Karen has the mindset that you do what you can to help family, so she began to do the shopping and other small tasks for her mother in 2010. In addition, Karen has a background in finance, so she helped her mother, aunt, and uncle with their finances. By 2016, Mimi needed enough help to warrant getting a home health aide, so Karen facilitated this service while also figuring out how to have meals delivered and do other small things for her mother.
Unfortunately, Mimi had a bad fall and was taken to the hospital. While there, medical providers found she had pneumonia, a life-threatening issue due to Mimi’s chronic obstructive pulmonary disease. Karen did not enjoy the hospital experience; she feels it is daunting enough to deal with hospitals and healthcare in the wake of a catastrophic illness. With no siblings, Karen also had the added responsibility of being the sole decision maker for Mimi’s care.
After the hospital, Karen considered putting her mother into assisted living, but Mimi’s preference was to return home. Karen agreed that Mimi should return home but knew her mother would need 24/7 help. Karen hired a health aide because she could not care for her mother alone. Karen visited her mother two to three times a week to help with shopping, arrange medications, and take her to the doctor. When Mimi fell a second time, Karen knew the best option for her mother was a long-term care facility. Karen was still able to visit Mimi, help with her mother’s medications, and ensure Mimi made it to her doctors’ appointments.

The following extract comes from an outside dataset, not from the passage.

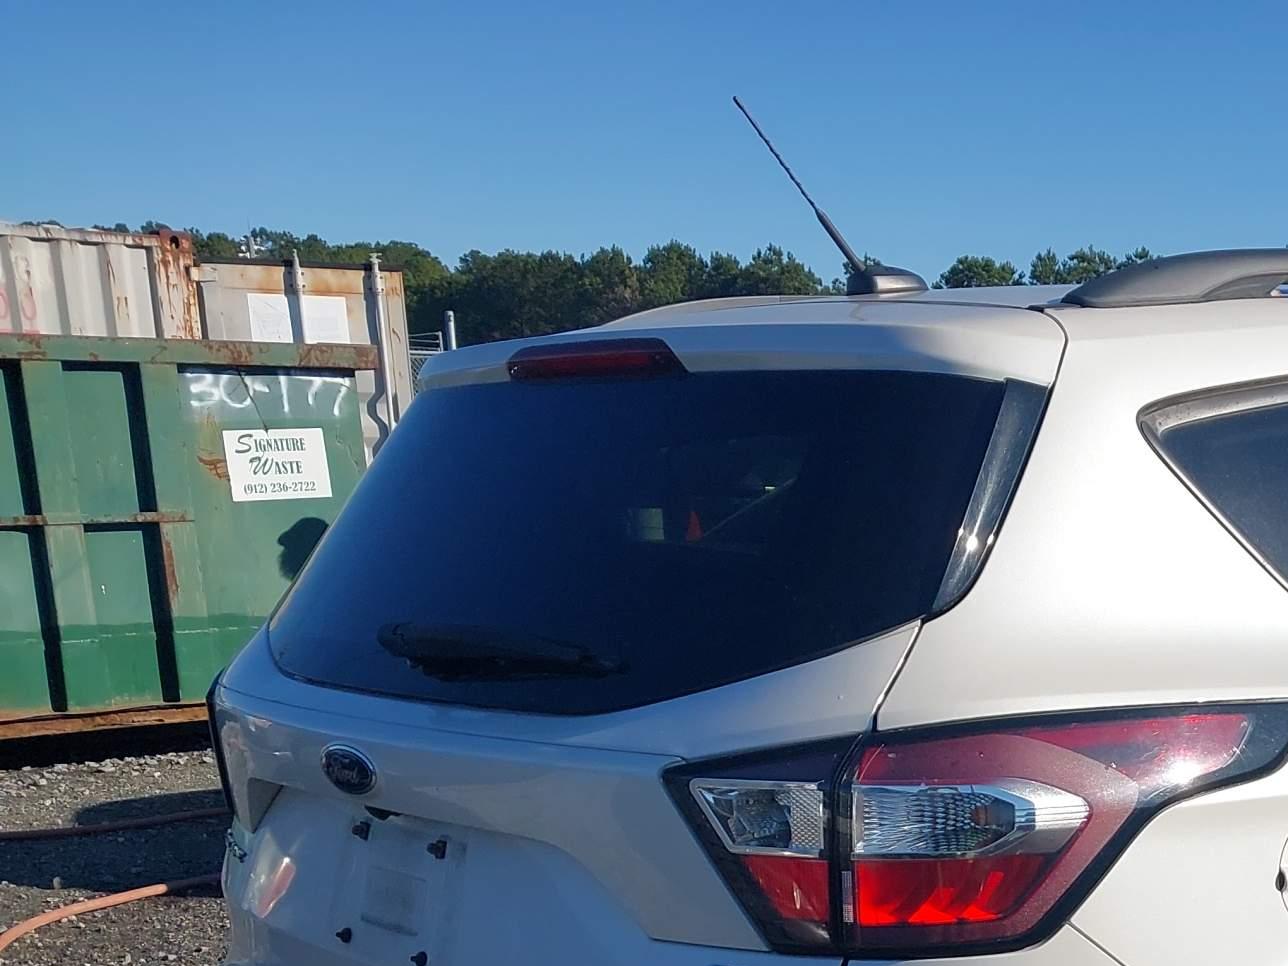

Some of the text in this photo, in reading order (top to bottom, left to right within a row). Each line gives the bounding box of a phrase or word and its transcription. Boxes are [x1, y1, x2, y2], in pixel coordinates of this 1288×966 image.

[235, 434, 306, 454] SIGNATURE
[249, 456, 304, 475] WASTE
[244, 481, 317, 495] (912) 236-2722

The pandemic changed everything for Karen, making it even harder for her to provide care to her mother. Nursing homes were hit very hard and Karen was concerned for Mimi’s health. She had a hard time getting in touch with her mother. Karen bought her a cell phone so that she could talk to her. The administration of the nursing home was uncommunicative and did not provide updates on what was happening in regard to the pandemic or how Mimi was doing. Karen was not able to FaceTime her mother until May and could not have an outside visit with her until August. Additionally, Karen was concerned Mimi was not getting proper care, since services had been temporarily halted and she knew her mom was sitting in her room all day. Karen worried about her mother’s laundry being done, and whether Mimi could reach her glasses or the phone.
Karen is part of a caregiver support group run by SAGE, an elder LGBTQ organization.

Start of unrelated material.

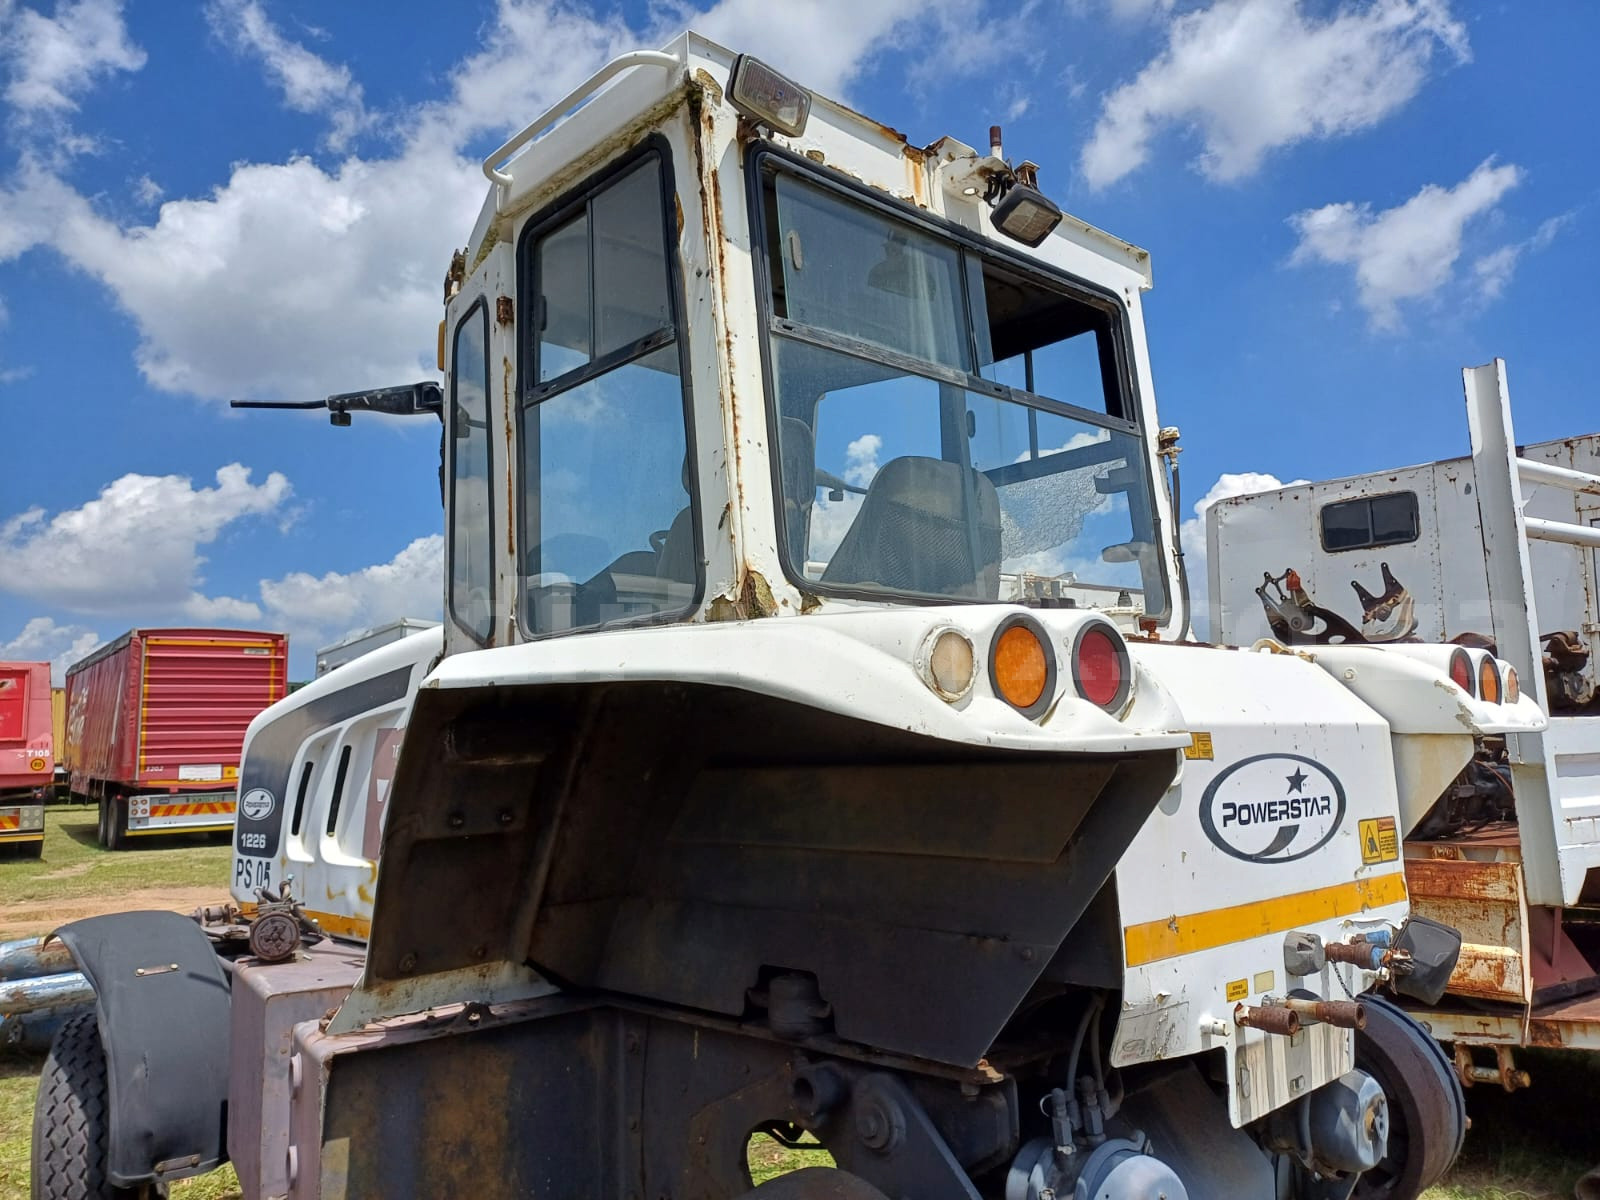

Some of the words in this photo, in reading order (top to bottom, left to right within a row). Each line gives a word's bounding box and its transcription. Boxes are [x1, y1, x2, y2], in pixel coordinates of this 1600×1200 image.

[1222, 796, 1331, 827] POWERSTAR
[241, 833, 266, 849] 1226
[235, 858, 252, 889] PS

Karen feels respect and awe for stories she hears from caregivers who are caring for a parent who did not accept them or their sexuality. She says these individuals cannot imagine not giving their care recipient their best life possible. Although Karen never experienced the issue of not being accepted by her parents, she feels the same about caring for her mother the best she can for as long as Mimi lives. While not having a partner is common in the LGBTQ community, and although Karen has had friends and some ex-partners who have supported her throughout her caregiver journey, she has persevered primarily on her own.

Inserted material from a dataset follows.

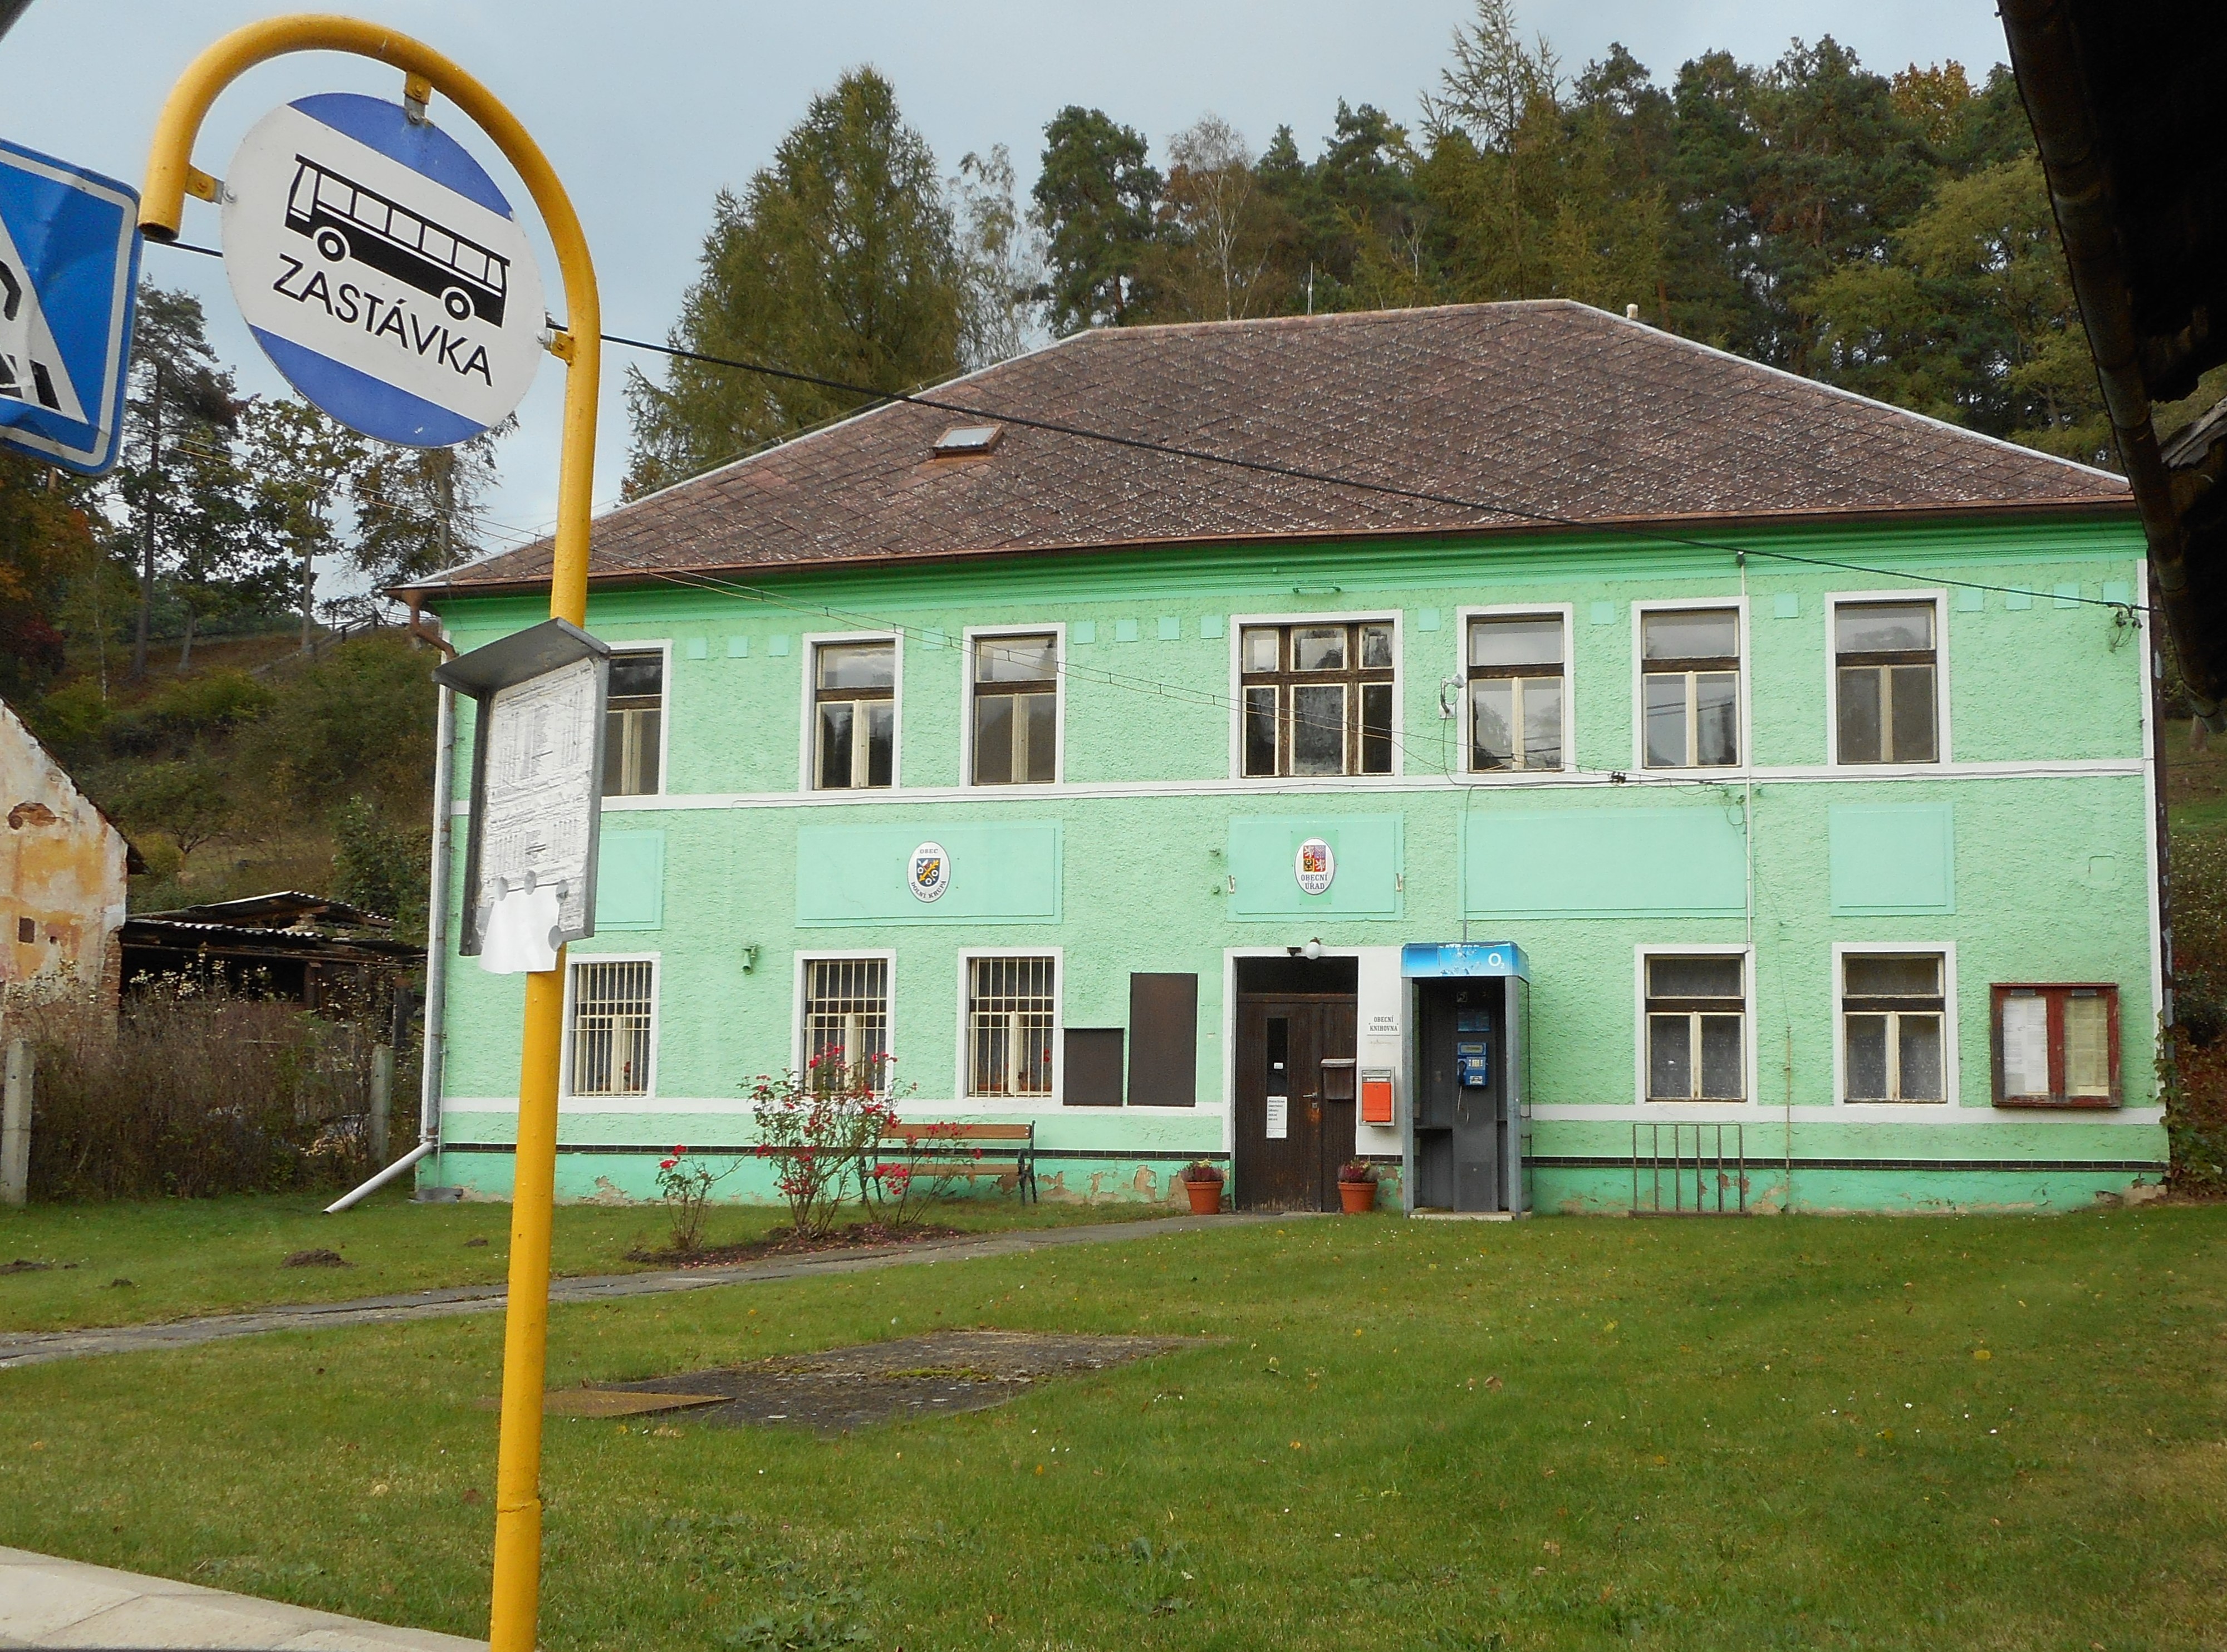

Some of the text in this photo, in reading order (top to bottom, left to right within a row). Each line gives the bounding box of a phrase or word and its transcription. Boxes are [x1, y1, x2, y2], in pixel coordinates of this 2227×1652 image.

[273, 253, 493, 388] ZASTÁVKA
[1301, 872, 1328, 881] OBECNÍ
[1305, 881, 1325, 889] ÚŘAD

From a policy standpoint, Karen believes there needs to be more communication with the public, especially after what she experienced with Mimi’s nursing home. It is exhausting for her to have to continuously reach out to people to find out how her mother is being cared for. She doesn’t believe she should have to experience that. There needs to be more planning and support around long-term care and the finances required for long-term care. Karen finds it rewarding that caregiving has shown her how strong she is, and the extent of her patience and resourcefulness, but she acknowledges that caregiving is tiring and stressful. Caregivers need support.